On April 4, 2005, the United States Supreme Court handed down its decision in Rousey v. Jacoway, a case addressing the issue of exempting individual retirement accounts (IRAs) from federal bankruptcy proceedings. The decision was widely hailed in the financial press, with such headlines as “High Court Rules IRAs Untouchable – Unanimous Decision Means Retirement Savings Are Protected From Creditors” (Wall Street Journal, April 5, 2005, p. D1). Unfortunately for the public, the headlines did not accurately reflect the underlying story, but this issue of APN will clarify the holding.
The federal Bankruptcy Code permits a debtor to exempt certain property from his bankruptcy estate, thereby allowing him to retain those assets rather than divide them among his creditors. Under current federal bankruptcy law (which may change soon) these exempt assets are determined either under the Bankruptcy Code or under the law of the state of residence of the person filing the bankruptcy petition (the “petitioner”). The determination of which set of laws apply in a particular case is determined under state law. Some states permit the petitioner to choose either the federal or the state provided exemptions, some states primarily rely on the federal exemptions, and some states preclude the petitioner from using the federal exemptions.
In 2001, at the time of filing their joint bankruptcy petition and several years after they had deposited distributions from their pension plans into their respective IRAs, Richard Betty Jo Rousey were resident in Arkansas.
Arkansas law allows petitioners to choose the federal or state exemptions in a bankruptcy proceeding. The Rouseys chose the federal exemptions. Here’s how the case wound up in the Supreme Court: They sought to shield portions of their IRAs from their creditors by claiming them as exempt from the bankruptcy estate under a provision of the Bankruptcy Code (11 U.S.C. § 522(d)(10)(E)), which provides, among other things, that a debtor may exempt from the bankruptcy estate his “right to receive … a payment under a stock bonus, pension, profit sharing, annuity, or similar plan or contract on account of … age.” Ms. Jacoway, the Bankruptcy Trustee (whose job is to enhance the bankruptcy estate for the benefit of the petitioner’s creditors), objected to the Rouseys’ exemption claim and asked the Bankruptcy Court to turn over the IRAs to her.
The Bankruptcy Court agreed with her objection and granted her motion, and the Bankruptcy Appellate Panel (BAP) also agreed. The Eighth Circuit affirmed, concluding that, even if the Rouseys’ IRAs were “similar plans or contracts” to the plans specified in §522(d)(10)(E), their IRAs gave them no right to receive payment “on account of age,” but were instead savings accounts readily accessible at any time for any purpose.

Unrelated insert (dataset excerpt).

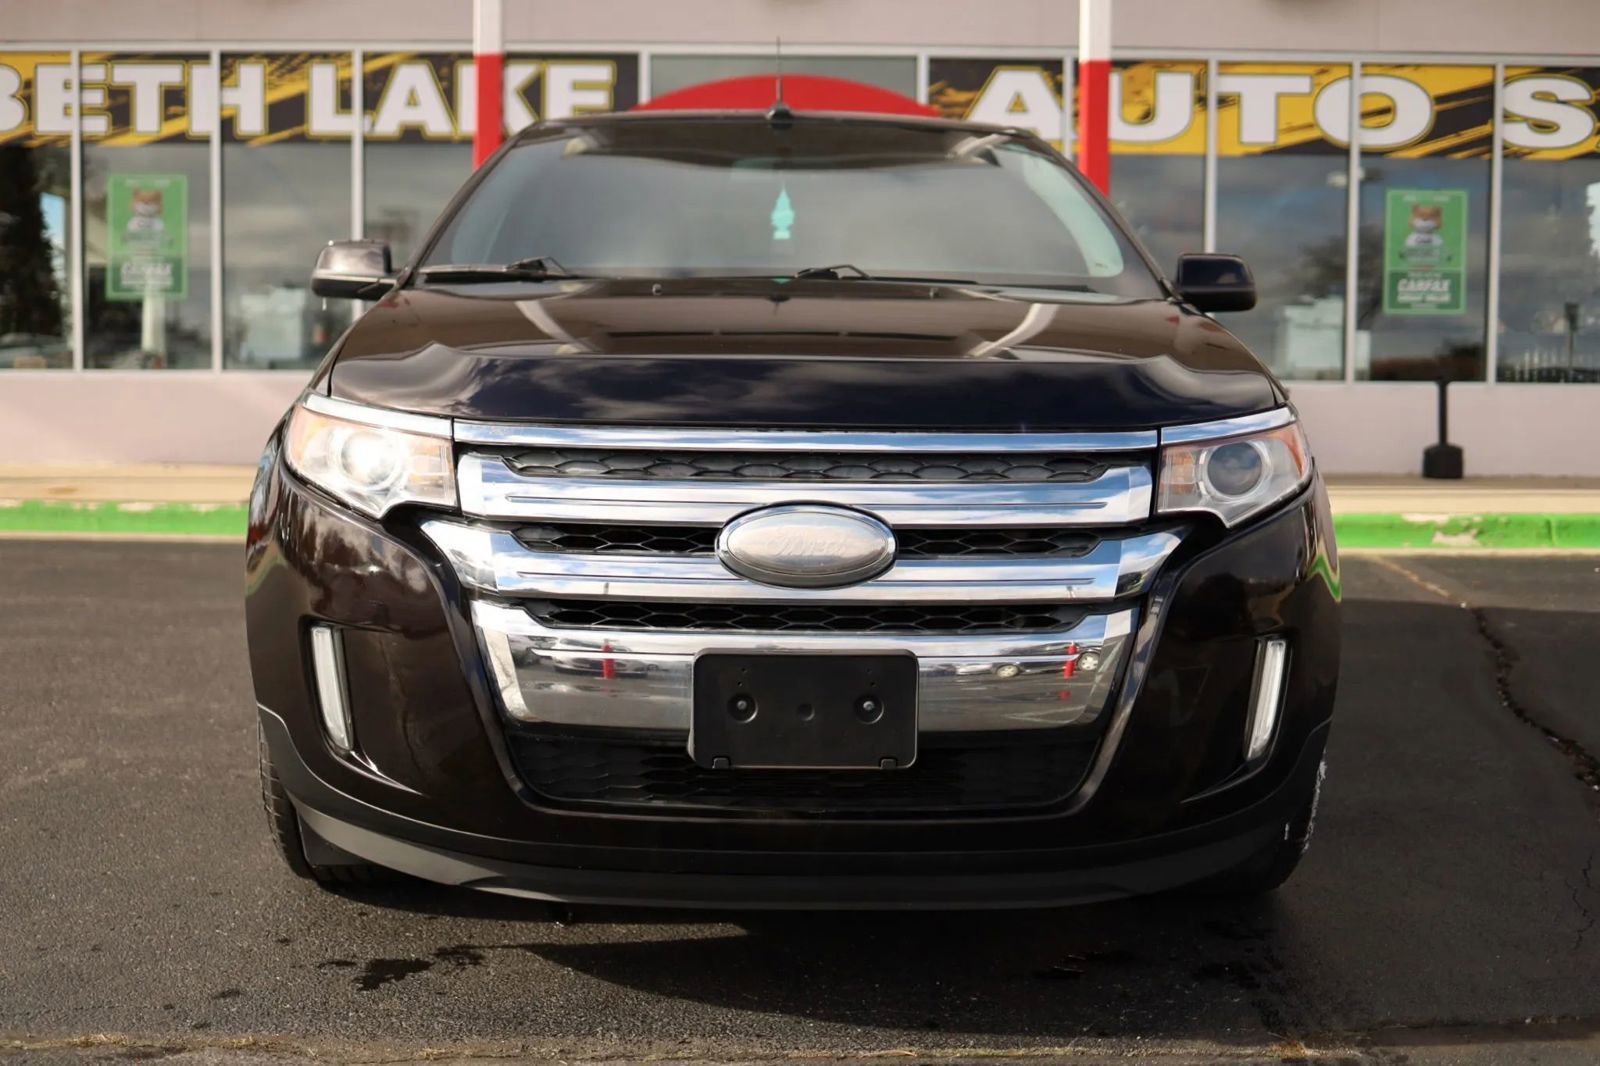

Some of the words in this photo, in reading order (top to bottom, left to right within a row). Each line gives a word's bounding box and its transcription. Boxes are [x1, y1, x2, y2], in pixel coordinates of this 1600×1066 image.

[307, 61, 614, 138] LAKE
[965, 68, 1433, 147] AUTO
[1502, 74, 1600, 149] S

In its detailed analysis of the statute, the Supreme Court found that the Rouseys’ right to receive payment under their IRAs must meet these requirements to be exempted: (1) the right to receive payment must be from “a stock bonus, pension, profit sharing, annuity, or similar plan or contract” and (2) the right to receive payment must be “on account of illness, disability, death, age, or length of service”. If the foregoing requirements are met, then the right to receive payment may be exempted only “to the extent” that it is “reasonably necessary to support” the account holder or his dependents (this last element was buried deep in the Wall Street Journal article). The dispute between the bankruptcy trustee and the Rouseys in the case was over the two listed elements.
The Supreme Court noted that it had already implied that IRAs satisfy those elements in Paterson v. Shumate, a case discussed by us 13 years ago in APN Vol. I, No. 2 (Sept. 1992), and it went on to analyze those requirements in great detail. The court reiterated its discussion of this issue in Patterson and found: that IRAs are exempt, and sent the case back to the lower court to determine the amount reasonably necessary for support as required by the statute.
The Rousey case only applies to bankruptcy filings in states which either require the use of the federal exemption scheme or which permit their residents to choose the federal scheme. The case has no application in states like Florida, for example, which preclude the use of the federal exemption related to IRAs.
In addition, if Rousey does apply in a particular case, it can only result in the exemption of that portion of the IRA which is “reasonably necessary to support” the account holder or his dependents. Thus, a very substantial portion of a large IRA would likely be exposed.